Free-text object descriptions

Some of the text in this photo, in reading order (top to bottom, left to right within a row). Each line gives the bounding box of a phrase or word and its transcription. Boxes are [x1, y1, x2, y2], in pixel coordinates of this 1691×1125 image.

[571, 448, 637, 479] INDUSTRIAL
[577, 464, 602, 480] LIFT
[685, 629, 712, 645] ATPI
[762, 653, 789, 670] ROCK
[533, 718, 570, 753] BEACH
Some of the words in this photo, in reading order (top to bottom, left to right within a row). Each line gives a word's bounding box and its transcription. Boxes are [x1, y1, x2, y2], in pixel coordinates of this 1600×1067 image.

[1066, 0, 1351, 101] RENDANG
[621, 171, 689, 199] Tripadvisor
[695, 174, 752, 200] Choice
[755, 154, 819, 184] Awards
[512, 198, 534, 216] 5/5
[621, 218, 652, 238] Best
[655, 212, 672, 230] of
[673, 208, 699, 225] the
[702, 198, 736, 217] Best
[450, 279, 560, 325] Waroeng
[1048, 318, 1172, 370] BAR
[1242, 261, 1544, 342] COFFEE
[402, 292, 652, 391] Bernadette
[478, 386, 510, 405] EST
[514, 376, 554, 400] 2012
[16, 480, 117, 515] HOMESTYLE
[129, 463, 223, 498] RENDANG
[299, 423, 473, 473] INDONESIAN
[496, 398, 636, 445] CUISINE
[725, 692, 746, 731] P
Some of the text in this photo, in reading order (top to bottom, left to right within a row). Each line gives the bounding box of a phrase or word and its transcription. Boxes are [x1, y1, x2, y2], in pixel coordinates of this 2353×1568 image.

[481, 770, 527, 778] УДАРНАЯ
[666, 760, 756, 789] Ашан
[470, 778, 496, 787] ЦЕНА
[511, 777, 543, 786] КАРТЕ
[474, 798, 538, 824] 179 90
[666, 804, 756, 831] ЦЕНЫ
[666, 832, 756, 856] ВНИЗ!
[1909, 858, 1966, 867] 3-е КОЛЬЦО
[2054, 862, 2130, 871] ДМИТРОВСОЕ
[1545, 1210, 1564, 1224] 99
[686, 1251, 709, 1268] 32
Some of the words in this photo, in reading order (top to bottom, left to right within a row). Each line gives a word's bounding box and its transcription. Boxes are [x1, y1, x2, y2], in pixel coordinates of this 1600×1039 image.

* **WHAT THIS TASK INVOLVES**:
After reading the data above, print it all again exactly.

* **SOLUTION FOR THIS EXERCISE**:
Some of the text in this photo, in reading order (top to bottom, left to right within a row). Each line gives the bounding box of a phrase or word and its transcription. Boxes are [x1, y1, x2, y2], in pixel coordinates of this 1691×1125 image.

[571, 448, 637, 479] INDUSTRIAL
[577, 464, 602, 480] LIFT
[685, 629, 712, 645] ATPI
[762, 653, 789, 670] ROCK
[533, 718, 570, 753] BEACH
Some of the words in this photo, in reading order (top to bottom, left to right within a row). Each line gives a word's bounding box and its transcription. Boxes are [x1, y1, x2, y2], in pixel coordinates of this 1600×1067 image.

[1066, 0, 1351, 101] RENDANG
[621, 171, 689, 199] Tripadvisor
[695, 174, 752, 200] Choice
[755, 154, 819, 184] Awards
[512, 198, 534, 216] 5/5
[621, 218, 652, 238] Best
[655, 212, 672, 230] of
[673, 208, 699, 225] the
[702, 198, 736, 217] Best
[450, 279, 560, 325] Waroeng
[1048, 318, 1172, 370] BAR
[1242, 261, 1544, 342] COFFEE
[402, 292, 652, 391] Bernadette
[478, 386, 510, 405] EST
[514, 376, 554, 400] 2012
[16, 480, 117, 515] HOMESTYLE
[129, 463, 223, 498] RENDANG
[299, 423, 473, 473] INDONESIAN
[496, 398, 636, 445] CUISINE
[725, 692, 746, 731] P
Some of the text in this photo, in reading order (top to bottom, left to right within a row). Each line gives the bounding box of a phrase or word and its transcription. Boxes are [x1, y1, x2, y2], in pixel coordinates of this 2353×1568 image.

[481, 770, 527, 778] УДАРНАЯ
[666, 760, 756, 789] Ашан
[470, 778, 496, 787] ЦЕНА
[511, 777, 543, 786] КАРТЕ
[474, 798, 538, 824] 179 90
[666, 804, 756, 831] ЦЕНЫ
[666, 832, 756, 856] ВНИЗ!
[1909, 858, 1966, 867] 3-е КОЛЬЦО
[2054, 862, 2130, 871] ДМИТРОВСОЕ
[1545, 1210, 1564, 1224] 99
[686, 1251, 709, 1268] 32
Some of the words in this photo, in reading order (top to bottom, left to right within a row). Each line gives a word's bounding box and its transcription. Boxes are [x1, y1, x2, y2], in pixel coordinates of this 1600×1039 image.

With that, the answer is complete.